The party was to begin at seven. The invitations gave the hour as six-thirty because the family knew everyone would come a little late, so as not to be the first to arrive. At seven-ten not a soul had come; somewhat acrimoniously, the family discussed the advantages and disadvantages of tardiness: Elvira, who prided herself on her punctuality, declared it was an unforgivable discourtesy to leave people waiting; Julia, repeating the words of her late husband, replied that visitors who arrived late showed their consideration, since if everyone arrives a little late it's more comfortable all around, and no one has to feel rushed. By seven-fifteen not another soul could squeeze into the house. The entire neighborhood could see and envy Sra. Figueroa's car and driver* (or chauffeur, as she was heard to call him); she almost never invited the sisters to her house, but they greeted her effusively, so nobody would suspect that they saw each other only once in a blue moon. The president sent his aide-de-camp, a very charming gentleman who said it was an honor to shake the hand of the daughter of the hero of Cerro Alto. The minister, who had to leave early, read a most high-sounding speech filled with excellent epigrams, in which, however, he spoke more of San Martin than of Colonel Rubio. The elderly lady sat in her chair amid the cushions, and at times her head would nod or she would drop her fan. A group of distinguished females, the Ladies of the Nation, sang the national anthem to her, though she seemed not to hear. Photographers arranged the guests into artistic groupings, and their flashbulbs dazzled the celebrants' eyes. There were not enough little glasses of port and sherry to go around. Several bottles of champagne were uncorked. The elderly lady spoke not a single word; she may not have known who she was. From that night onward she was bedridden.

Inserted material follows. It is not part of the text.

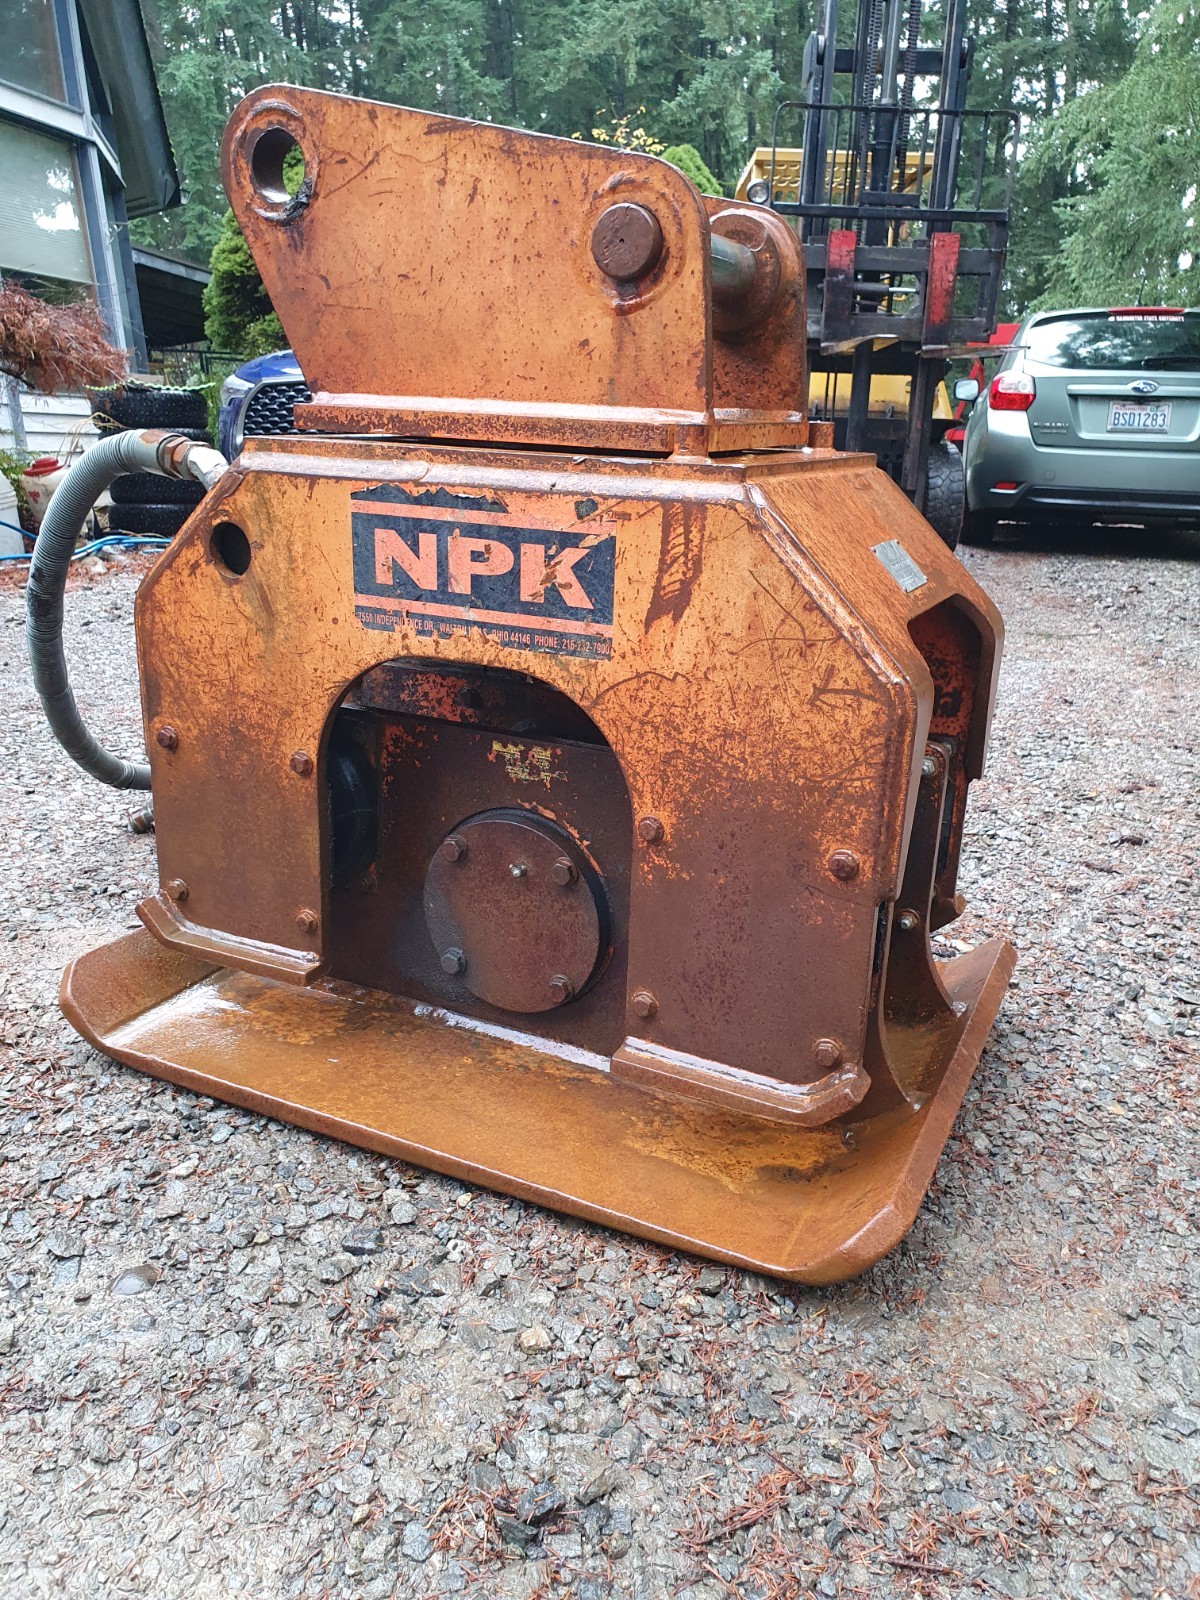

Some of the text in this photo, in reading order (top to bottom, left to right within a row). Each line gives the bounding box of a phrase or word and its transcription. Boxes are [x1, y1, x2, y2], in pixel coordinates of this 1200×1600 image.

[1112, 411, 1167, 427] BSD1283
[374, 528, 594, 610] NPK
[510, 632, 531, 645] 44146

When the strangers had left, the family improvised a little cold supper. The smell of tobacco and coffee had already dissipated the light odor of benzoin.*
The morning and evening newspapers told loyal untruths; they exclaimed upon the almost miraculous memory of the hero's daughter, who was "an eloquent archive of one hundred years of Argentine history." Julia tried to show her those reports. In the dim light, the elderly lady lay unmoving, her eyes closed. She did not have a fever; the doctor examined her and said everything was all right. In a few days she died. The storming of her house by the mob, the unwonted stir, the flashbulbs, the speech, the uniforms, the repeated handshakes, and the popping of the champagne corks had hastened her end.
Perhaps she thought it was one of Rosas' posses* that had come.
I think about the men killed at Cerro Alto, I think about the forgotten men of our continent and Spain who perished under the horses' hooves, and it occurs to me that the last victim of that chaos of lances in Peru was to be, more than a hundred years afterward, an elderly lady in Buenos Aires.